The Lays of the Scottish Cavaliers, on which his chief serious claim must rest, is an interesting book, if hardly a great one. The style is modelled with extreme closeness upon that of Scott, which even Sir Walter, with all his originality and genius, had not been able always to preserve from flatness. In Aytoun's hands the flats are too frequent, though they are relieved and broken at times by really splendid bursts, the best of which perhaps are "The Island of the Scots" and "The Heart of the Bruce." For Aytoun's poetic vein, except in the lighter kinds, was of no very great strength; and an ardent patriotism, a genuine and gallant devotion to the Tory cause, and a keen appreciation of the chivalrous and romantic, did not always suffice to supply the want of actual inspiration.
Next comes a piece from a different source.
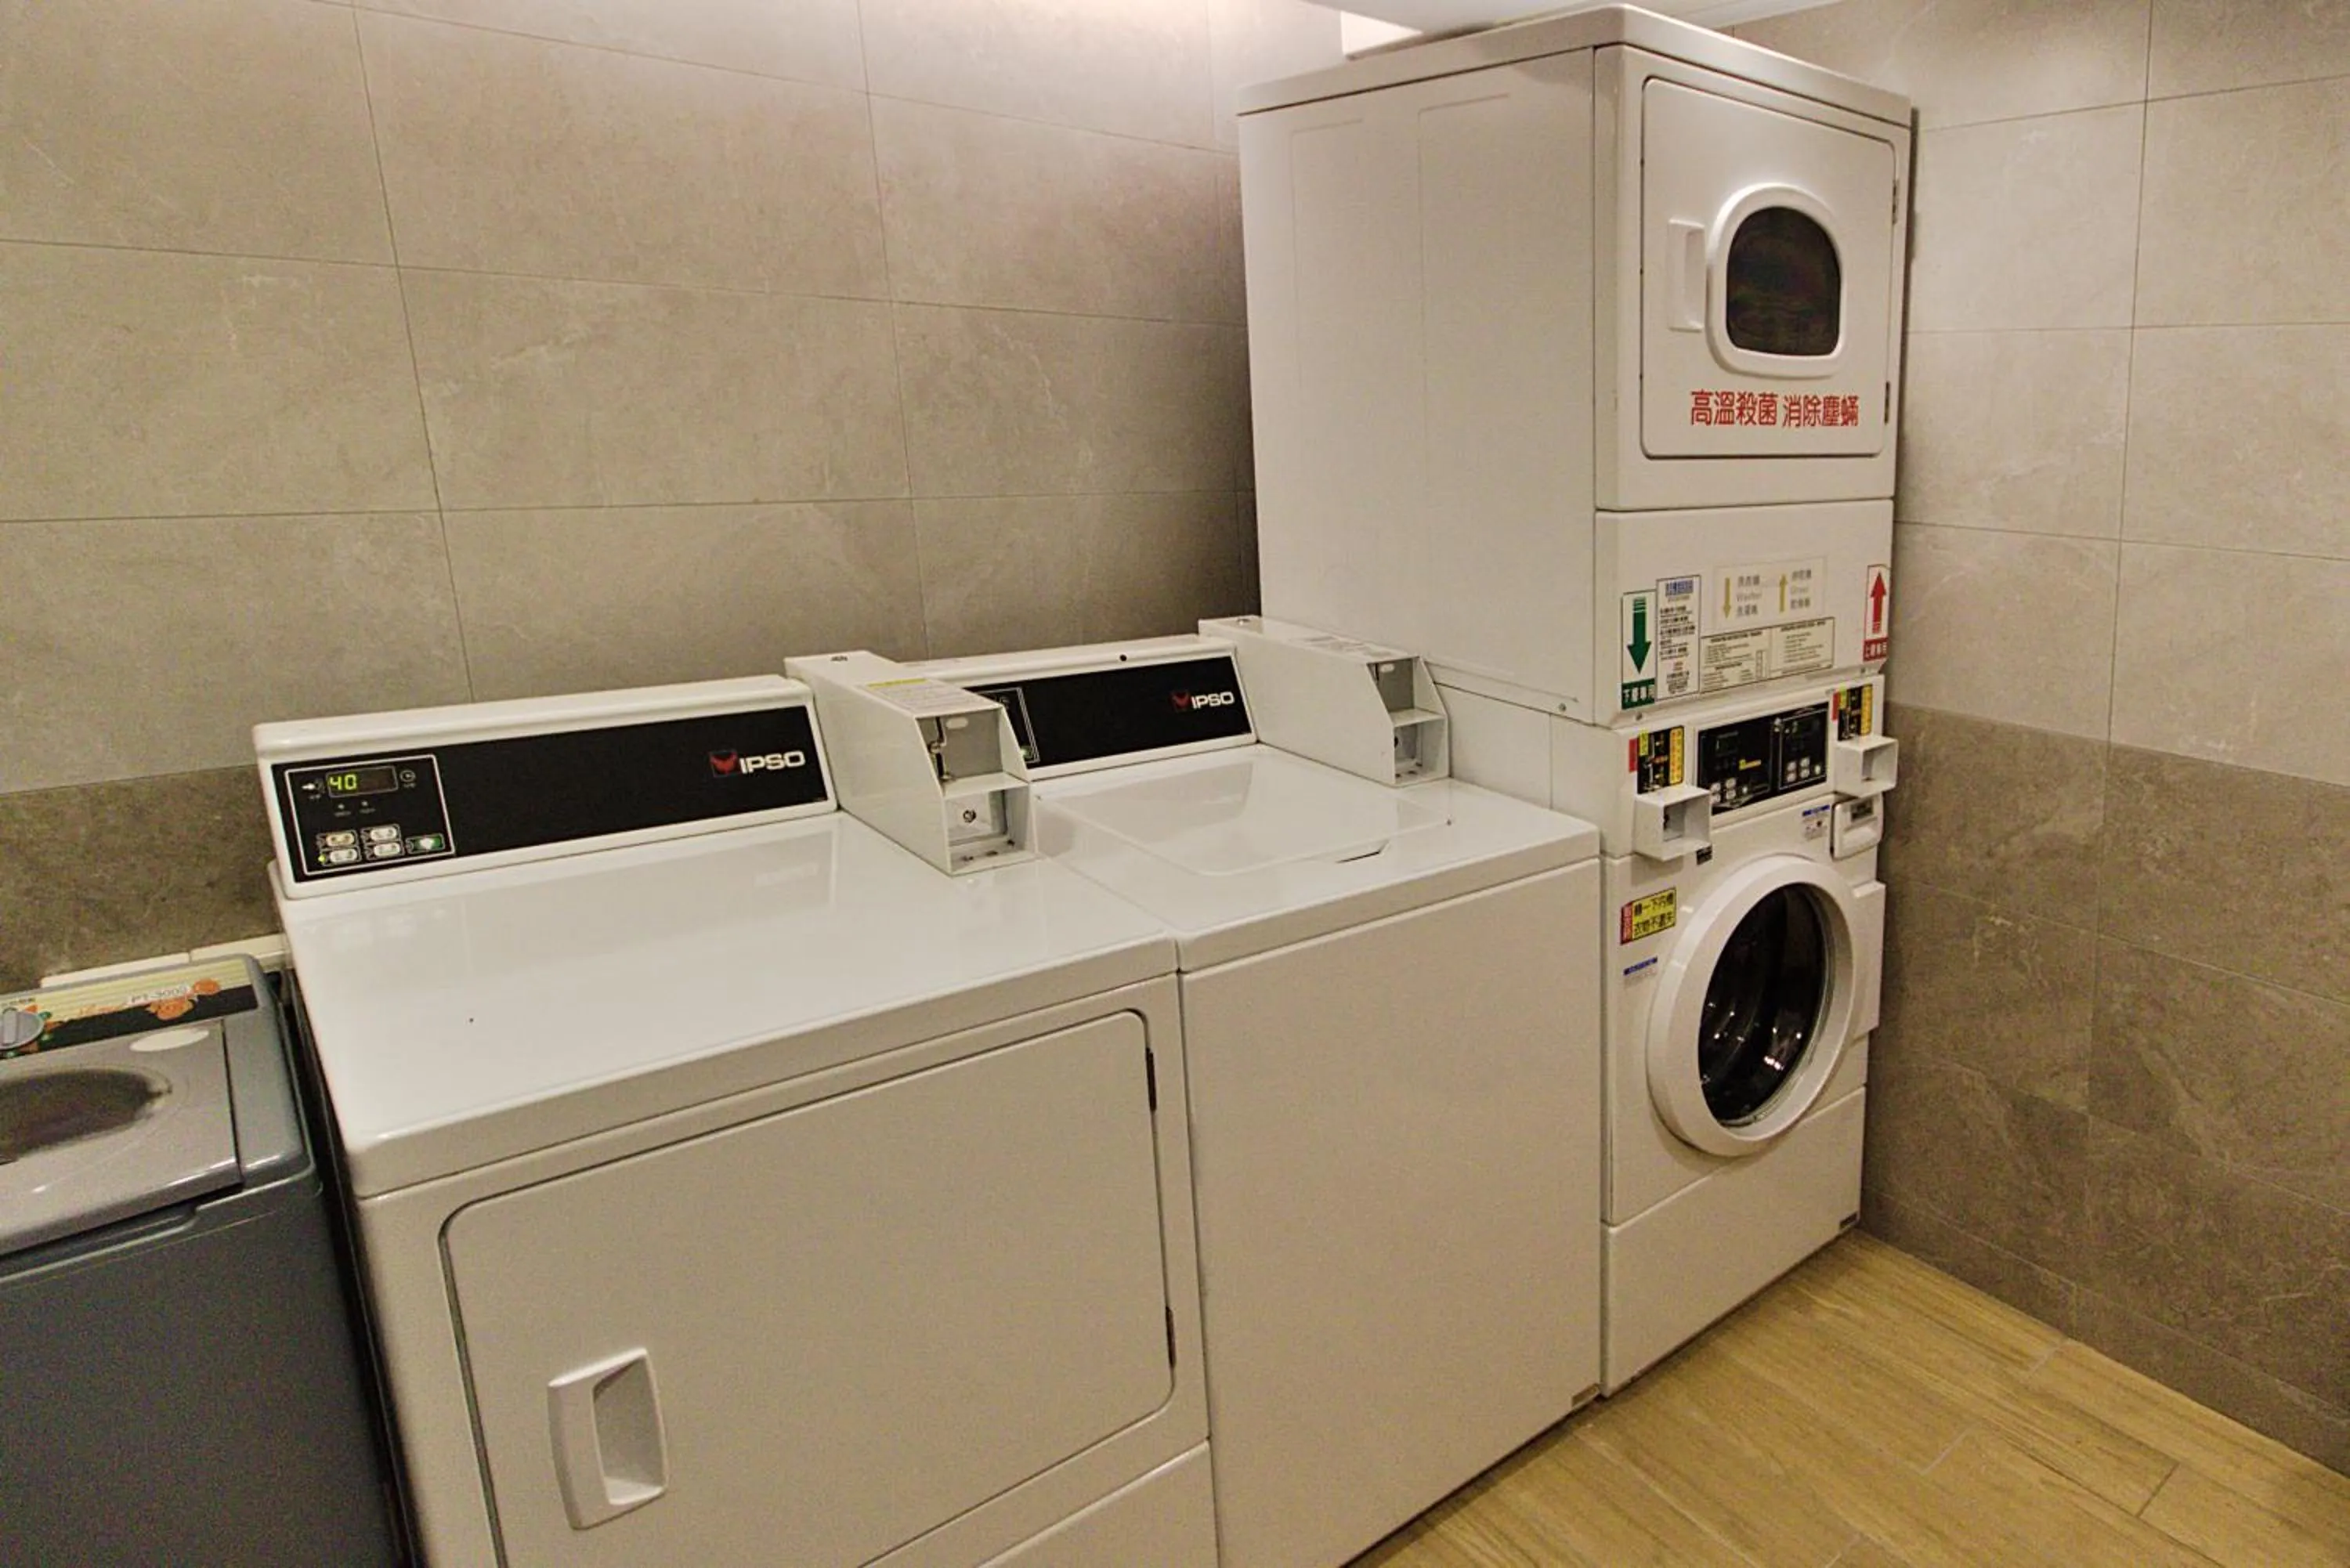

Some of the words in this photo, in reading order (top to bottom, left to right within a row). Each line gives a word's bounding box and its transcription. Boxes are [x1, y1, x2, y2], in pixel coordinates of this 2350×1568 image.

If it had been true, as is commonly said, that the before-mentioned Firmilian killed the so-called Spasmodic School, Aytoun's failure to attain the upper regions of poetry would have been a just judgment; for the persons whom he satirised, though less clever and humorous, were undoubtedly more poetical than himself. But nothing is ever killed in this way, and as a matter of fact the Spasmodic School of the early fifties was little more than one of the periodical outbursts of poetic velleity, more genuine than vigorous and more audacious than organic, which are constantly witnessed. It is, as usual, not very easy to find out who were the supposed scholars in this school. Mr. P. H. Bailey, the author of Festus, who still survives, is sometimes classed with them; but the chief members are admitted to have been Sydney Dobell and Alexander Smith, both remarkable persons, both failures of something which might in each case have been a considerable poet, and both illustrating the "second middle" period of the poetry of the century which corresponds to that illustrated earlier by Darley, Horne, and Beddoes.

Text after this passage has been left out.